To balance out this distance, Johnson calls attention to the moments that concern the narrator. On pg. 392, when it is discovered that the narrator has accidentally killed the baby bunnies, Johnson uses exclamation points to emphasis the impact the "Little feet! Eyelids! Even whiskers! Deceased" had on the narrator.

Still, the voice is very specific and conversational. Even the first sentence includes the common tag of "I guess". On the top of pg. 385, he described the blade in the injured man's eye as "a hunting knife kind of thing" rather than just calling it a hunting knife. These choices give the piece a conversational feel, making the narrator more human to the reader.

The dialogue between the characters uses many informal words and phrases that are unexpected in the adult world of the emergency room.
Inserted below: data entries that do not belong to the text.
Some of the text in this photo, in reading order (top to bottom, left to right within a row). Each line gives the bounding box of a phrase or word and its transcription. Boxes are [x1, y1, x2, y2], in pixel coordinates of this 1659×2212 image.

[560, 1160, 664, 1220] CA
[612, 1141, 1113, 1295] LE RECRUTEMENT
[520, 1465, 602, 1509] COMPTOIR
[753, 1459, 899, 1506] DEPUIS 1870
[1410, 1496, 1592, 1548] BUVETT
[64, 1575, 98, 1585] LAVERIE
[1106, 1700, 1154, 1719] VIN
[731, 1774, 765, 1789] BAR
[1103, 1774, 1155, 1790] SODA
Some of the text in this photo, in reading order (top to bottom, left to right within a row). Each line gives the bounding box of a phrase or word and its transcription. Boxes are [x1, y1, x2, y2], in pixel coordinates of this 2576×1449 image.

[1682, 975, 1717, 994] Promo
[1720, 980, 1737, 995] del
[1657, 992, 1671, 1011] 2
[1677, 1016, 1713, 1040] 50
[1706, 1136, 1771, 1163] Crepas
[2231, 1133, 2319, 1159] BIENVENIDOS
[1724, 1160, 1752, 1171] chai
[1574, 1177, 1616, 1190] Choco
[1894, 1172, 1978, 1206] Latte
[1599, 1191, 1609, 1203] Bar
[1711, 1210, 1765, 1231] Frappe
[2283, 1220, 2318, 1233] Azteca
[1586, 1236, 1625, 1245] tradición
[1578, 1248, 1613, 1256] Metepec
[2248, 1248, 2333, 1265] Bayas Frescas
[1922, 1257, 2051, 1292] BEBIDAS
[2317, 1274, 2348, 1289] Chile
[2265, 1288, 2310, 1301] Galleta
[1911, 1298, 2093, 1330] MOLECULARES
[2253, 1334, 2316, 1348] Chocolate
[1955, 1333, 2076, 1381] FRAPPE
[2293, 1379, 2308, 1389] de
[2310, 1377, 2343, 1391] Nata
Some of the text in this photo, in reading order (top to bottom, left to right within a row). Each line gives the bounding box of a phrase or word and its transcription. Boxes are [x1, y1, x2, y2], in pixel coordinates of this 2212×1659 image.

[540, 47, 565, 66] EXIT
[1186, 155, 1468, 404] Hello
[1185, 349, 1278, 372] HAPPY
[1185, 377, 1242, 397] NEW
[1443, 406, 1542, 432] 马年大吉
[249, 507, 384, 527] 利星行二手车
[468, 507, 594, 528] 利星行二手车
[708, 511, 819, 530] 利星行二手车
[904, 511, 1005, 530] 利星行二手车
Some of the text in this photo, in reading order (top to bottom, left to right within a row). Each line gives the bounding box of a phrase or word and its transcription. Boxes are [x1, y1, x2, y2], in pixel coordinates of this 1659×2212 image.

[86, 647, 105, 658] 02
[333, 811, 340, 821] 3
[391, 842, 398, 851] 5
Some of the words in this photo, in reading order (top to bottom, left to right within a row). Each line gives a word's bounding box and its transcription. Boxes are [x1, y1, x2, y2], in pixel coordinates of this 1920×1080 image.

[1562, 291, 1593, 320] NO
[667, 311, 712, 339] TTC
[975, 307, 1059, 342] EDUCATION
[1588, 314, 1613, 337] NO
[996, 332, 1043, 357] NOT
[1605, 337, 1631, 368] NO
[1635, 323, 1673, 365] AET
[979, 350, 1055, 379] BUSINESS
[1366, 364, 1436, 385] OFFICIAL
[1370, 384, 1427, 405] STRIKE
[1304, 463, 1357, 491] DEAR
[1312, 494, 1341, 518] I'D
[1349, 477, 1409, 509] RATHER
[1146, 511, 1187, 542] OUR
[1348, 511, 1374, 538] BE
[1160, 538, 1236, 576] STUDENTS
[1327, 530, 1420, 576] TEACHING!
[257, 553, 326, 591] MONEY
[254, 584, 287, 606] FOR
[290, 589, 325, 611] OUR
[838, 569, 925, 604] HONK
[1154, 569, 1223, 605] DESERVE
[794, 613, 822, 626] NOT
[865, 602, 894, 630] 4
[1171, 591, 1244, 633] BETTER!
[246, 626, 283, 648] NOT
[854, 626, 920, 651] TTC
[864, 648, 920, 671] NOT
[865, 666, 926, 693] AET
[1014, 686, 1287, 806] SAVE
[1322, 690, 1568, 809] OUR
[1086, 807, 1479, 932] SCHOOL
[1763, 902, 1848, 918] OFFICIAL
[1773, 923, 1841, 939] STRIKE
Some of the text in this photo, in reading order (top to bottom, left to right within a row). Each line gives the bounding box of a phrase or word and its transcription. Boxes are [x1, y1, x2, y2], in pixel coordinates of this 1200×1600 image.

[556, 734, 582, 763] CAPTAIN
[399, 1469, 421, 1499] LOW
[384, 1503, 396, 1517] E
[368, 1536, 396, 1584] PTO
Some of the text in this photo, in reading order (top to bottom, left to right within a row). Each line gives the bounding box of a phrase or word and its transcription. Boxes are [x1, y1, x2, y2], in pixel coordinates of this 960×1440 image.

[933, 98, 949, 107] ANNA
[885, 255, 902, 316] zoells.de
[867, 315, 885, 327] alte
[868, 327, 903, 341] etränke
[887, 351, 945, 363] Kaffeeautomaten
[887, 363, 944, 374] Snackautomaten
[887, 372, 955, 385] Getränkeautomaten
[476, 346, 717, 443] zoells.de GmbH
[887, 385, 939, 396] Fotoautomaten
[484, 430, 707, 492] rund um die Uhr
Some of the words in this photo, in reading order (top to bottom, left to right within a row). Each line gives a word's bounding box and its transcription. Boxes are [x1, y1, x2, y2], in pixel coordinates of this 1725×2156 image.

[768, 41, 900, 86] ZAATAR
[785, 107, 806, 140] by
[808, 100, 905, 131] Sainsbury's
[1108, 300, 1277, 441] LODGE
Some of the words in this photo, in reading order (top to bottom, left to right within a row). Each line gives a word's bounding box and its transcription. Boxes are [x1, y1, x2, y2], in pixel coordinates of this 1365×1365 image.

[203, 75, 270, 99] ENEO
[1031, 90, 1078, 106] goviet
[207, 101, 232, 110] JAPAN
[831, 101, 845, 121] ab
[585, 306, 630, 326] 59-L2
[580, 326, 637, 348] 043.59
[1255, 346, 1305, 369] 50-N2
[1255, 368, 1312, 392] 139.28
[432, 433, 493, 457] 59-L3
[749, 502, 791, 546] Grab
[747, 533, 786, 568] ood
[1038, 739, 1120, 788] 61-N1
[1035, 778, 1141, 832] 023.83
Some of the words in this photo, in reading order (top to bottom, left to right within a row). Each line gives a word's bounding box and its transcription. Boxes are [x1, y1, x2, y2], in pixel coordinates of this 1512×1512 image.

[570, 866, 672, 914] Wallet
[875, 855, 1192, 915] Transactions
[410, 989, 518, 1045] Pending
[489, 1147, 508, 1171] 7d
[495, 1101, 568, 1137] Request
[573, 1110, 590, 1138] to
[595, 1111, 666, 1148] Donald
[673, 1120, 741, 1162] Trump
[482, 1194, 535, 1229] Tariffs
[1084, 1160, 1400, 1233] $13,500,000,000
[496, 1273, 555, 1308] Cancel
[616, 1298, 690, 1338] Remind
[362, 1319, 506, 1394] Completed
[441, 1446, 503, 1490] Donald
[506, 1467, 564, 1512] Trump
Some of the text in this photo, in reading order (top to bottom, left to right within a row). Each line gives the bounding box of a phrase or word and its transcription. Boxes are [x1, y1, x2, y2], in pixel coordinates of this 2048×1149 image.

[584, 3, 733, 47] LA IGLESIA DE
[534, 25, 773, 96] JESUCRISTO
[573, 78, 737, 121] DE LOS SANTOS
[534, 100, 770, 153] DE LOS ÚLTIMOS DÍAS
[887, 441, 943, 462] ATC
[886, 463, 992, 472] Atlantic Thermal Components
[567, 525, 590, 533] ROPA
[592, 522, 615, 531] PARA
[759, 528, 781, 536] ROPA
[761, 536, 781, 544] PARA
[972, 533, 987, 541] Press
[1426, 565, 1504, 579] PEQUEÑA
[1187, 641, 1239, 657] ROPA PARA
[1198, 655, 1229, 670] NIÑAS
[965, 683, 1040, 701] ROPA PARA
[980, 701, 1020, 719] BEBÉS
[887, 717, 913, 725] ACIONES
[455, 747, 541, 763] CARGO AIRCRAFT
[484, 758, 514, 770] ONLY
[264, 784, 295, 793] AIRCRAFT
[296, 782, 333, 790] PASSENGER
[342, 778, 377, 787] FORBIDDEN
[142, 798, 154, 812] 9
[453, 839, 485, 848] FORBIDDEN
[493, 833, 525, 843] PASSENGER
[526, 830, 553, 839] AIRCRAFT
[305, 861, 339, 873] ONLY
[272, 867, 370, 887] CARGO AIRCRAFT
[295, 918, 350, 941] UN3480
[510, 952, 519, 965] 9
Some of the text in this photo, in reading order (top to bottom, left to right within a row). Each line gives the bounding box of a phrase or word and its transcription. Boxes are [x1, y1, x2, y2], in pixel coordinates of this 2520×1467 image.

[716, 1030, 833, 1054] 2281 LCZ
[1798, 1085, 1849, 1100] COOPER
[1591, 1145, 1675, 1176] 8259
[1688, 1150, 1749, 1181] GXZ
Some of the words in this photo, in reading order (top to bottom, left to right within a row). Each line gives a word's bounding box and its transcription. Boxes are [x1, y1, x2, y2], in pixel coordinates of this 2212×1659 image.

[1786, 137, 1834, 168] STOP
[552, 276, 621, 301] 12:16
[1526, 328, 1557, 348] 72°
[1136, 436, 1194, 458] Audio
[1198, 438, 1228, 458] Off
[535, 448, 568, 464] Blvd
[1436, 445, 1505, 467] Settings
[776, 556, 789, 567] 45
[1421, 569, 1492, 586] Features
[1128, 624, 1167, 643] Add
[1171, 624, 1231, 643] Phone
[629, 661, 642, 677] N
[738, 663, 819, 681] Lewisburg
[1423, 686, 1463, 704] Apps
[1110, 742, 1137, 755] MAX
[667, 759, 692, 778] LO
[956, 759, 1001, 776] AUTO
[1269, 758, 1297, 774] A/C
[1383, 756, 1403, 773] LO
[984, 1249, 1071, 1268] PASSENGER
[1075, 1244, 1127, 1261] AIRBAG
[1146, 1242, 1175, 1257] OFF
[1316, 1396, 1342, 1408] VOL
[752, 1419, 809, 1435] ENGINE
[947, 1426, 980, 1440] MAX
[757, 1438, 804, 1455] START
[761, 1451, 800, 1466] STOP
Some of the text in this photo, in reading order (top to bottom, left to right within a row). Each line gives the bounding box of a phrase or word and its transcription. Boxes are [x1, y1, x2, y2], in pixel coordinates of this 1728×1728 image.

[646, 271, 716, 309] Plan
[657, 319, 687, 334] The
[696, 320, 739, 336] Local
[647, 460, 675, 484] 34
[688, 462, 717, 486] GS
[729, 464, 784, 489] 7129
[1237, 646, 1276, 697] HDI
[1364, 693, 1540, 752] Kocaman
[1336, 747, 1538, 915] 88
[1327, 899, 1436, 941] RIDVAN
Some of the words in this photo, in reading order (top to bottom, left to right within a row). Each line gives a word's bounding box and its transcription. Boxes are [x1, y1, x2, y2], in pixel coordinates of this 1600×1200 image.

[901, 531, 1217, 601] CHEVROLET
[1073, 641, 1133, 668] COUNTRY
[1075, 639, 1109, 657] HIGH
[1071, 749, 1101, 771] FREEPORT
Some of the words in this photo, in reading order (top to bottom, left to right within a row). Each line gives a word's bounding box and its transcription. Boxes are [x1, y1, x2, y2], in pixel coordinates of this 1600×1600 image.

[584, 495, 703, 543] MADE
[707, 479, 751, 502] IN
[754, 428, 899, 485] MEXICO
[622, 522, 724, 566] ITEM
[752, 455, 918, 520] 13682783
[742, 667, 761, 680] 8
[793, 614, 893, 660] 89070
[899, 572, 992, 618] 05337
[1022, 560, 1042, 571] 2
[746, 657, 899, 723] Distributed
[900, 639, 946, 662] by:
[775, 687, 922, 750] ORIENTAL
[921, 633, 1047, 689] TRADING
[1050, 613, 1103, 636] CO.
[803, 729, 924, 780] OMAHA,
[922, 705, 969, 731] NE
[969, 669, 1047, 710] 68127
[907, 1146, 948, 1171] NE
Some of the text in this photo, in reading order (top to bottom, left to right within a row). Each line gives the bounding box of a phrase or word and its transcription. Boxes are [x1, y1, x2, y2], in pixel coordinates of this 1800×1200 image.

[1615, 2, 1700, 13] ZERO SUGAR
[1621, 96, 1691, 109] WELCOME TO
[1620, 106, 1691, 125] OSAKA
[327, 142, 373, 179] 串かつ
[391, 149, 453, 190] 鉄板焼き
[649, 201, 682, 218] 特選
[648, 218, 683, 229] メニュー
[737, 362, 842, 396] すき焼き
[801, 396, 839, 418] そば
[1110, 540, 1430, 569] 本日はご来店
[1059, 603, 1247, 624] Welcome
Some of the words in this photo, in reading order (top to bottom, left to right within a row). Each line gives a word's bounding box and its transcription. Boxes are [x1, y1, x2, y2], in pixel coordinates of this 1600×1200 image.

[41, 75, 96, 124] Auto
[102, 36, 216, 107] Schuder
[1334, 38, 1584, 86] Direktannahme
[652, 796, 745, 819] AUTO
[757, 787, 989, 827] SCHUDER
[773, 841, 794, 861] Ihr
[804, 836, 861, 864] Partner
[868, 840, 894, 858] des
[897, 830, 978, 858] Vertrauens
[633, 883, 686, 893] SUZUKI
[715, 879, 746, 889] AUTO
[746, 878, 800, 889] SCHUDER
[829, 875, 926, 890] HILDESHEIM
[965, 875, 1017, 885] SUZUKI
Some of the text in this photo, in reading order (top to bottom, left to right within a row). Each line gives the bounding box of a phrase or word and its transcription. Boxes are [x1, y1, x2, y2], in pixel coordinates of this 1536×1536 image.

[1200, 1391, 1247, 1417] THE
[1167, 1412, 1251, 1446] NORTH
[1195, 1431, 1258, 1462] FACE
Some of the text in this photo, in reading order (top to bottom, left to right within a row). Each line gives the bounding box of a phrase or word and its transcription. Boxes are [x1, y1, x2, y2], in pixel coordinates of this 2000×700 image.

For instance, Georgie talks about "goop inside of us" on pg. 383 and asks the narrator to listen to his shoes "squish" on pg. 394. This makes Georgie seem very childlike, as well as the image of him "bent over in the posture of a child soiling its diapers" (pg. 384). The doctor, also, uses simple language, requesting a team made up of an "eye man", "brain man", and "gas man" instead of using the professional titles of these specialists. Even the man with the knife in his eye repeatedly says "something like that" on pg. 385. It almost has the feel of children playing doctor.

Wednesday, January 11, 2012

Lydia Davis's "Television"

Lydia Davis's "Television" lacks dialogue, which makes the tone almost dry, matter-of-fact. Davis's frequent choice to refrain from using contractions, combined with the generalized nature of many of the sentences, also contributes to that tone. "They give us hints of what is to come and then it comes and it is exciting." There is no actual excitement to this statement. The short clauses and lack of adornment prevent that. Another example of generalization is found in the second section of the piece. "You are waiting until it is a certain hour and you are in a certain condition so that you can go to sleep." No specific hour is mentioned, and the condition is not described.

The piece begins in a vague, inclusive tense, frequently using an ambiguous 'we' that could describe only the narrators family and close companions or could include the reader. The first specific reference that begins to define the narrator is found at the top of page 210, "as the women in my family are not". As the narrator's character is solidified, the sentences become less vague. For example, on pg. 211, Davis includes such detail as "or you watch Pete Seeger's leg bounce up and down in time to his Reuben E. Lee song, then change the channel." At this point, the author uses second person. This was a daring move, at least to me, because of the specifics. Readers can easily be alienated if details in second person don't apply to them. However, as I was reading this piece, I did not find this to be the case.

In the third and final section of the piece, Davis returns to first person, stating that "at the end of the day...my life seems to turn into a movie." There is one unusual phrase that sticks out to me in particular. Davis writes, "I mean my real day moves into my real evening, but also moves away from me enough to be strange and a movie" (emphasis added). Instead of choosing to say "strange like a movie" or "as distant as a movie", she says "strange and a movie." I'm not really sure why she chose to say that.